SilentM68about 1 hour ago
My Opinion:

Anyone who thinks this is a glitch in the system, or an honest mistake, should shift their mindset and start thinking more like a detective and less like a politician.

California has been steadily declining for years, now. Waste, mismanagement, fraud are commonplace. This needs to be investigated by impartial third parties that can't be bought and paid for whose commitment must be verified via polygraph. Those that are found guilty need to be prosecuted and jailed.

Being that this is California, what will end up happening is that the politicians will end up investigating themselves and miraculously be found not liable.

******

Unbiased-AI Deep Dive:

https://archive.ph/jdyO4

mlmonkeyabout 2 hours ago
> California's legislative leaders have known for months but did not make the issue public.

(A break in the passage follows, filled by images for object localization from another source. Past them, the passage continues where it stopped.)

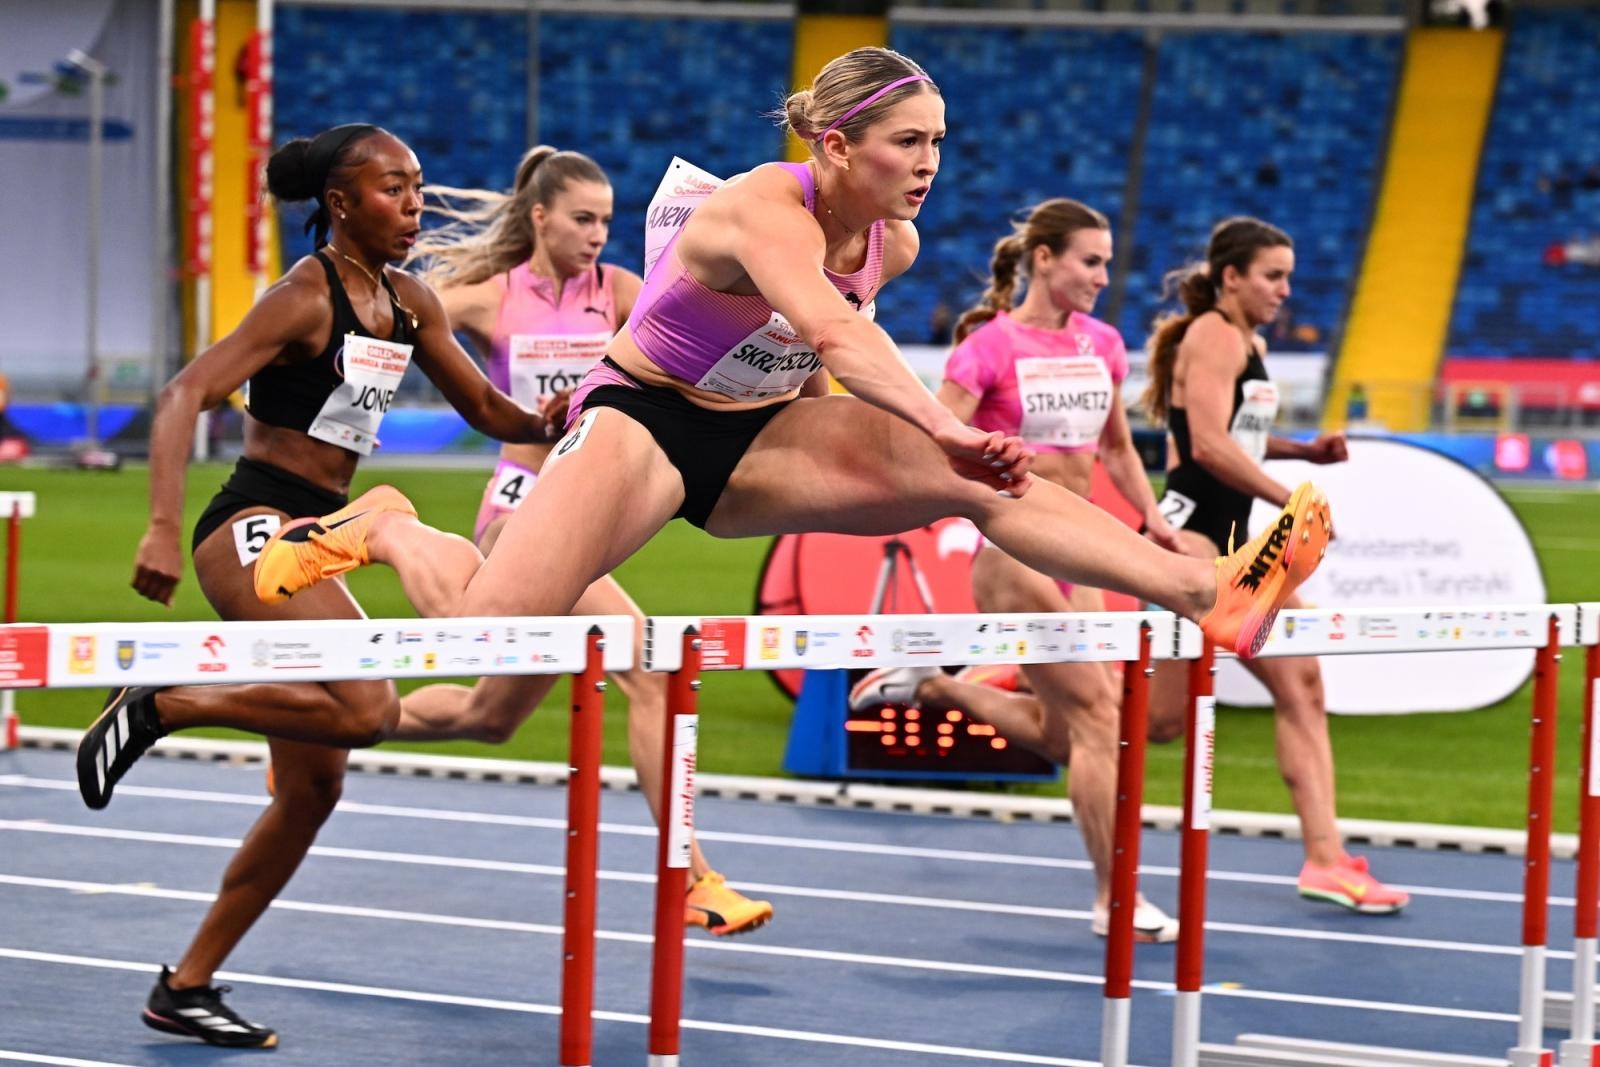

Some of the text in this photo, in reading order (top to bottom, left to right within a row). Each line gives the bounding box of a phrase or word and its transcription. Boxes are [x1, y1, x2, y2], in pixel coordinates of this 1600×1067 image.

[536, 369, 585, 395] TÓT
[1026, 390, 1108, 413] STRAMETZ
[500, 475, 525, 504] 4
[1164, 498, 1185, 525] 2
[246, 518, 271, 554] 5
[1234, 513, 1295, 596] NITRO

Why would they give up a chance to make more money from the people? The government never misses an opportunity to pad its coffers. Reminds me of the CA State Parks department, which squirreled away millions of dollars and then was crying about lack of funding and hence wanted to shut down some parks.

xp84about 2 hours ago
Fun fact: I recently vacationed in Hawaii and couldn’t help but notice, despite groceries costing about 2x, gas there is a dollar cheaper than at home in California. California just can’t get enough tax money.
verteuabout 1 hour ago
The best comparison is probably "overall tax burden": https://taxfoundation.org/data/all/state/tax-burden-by-state...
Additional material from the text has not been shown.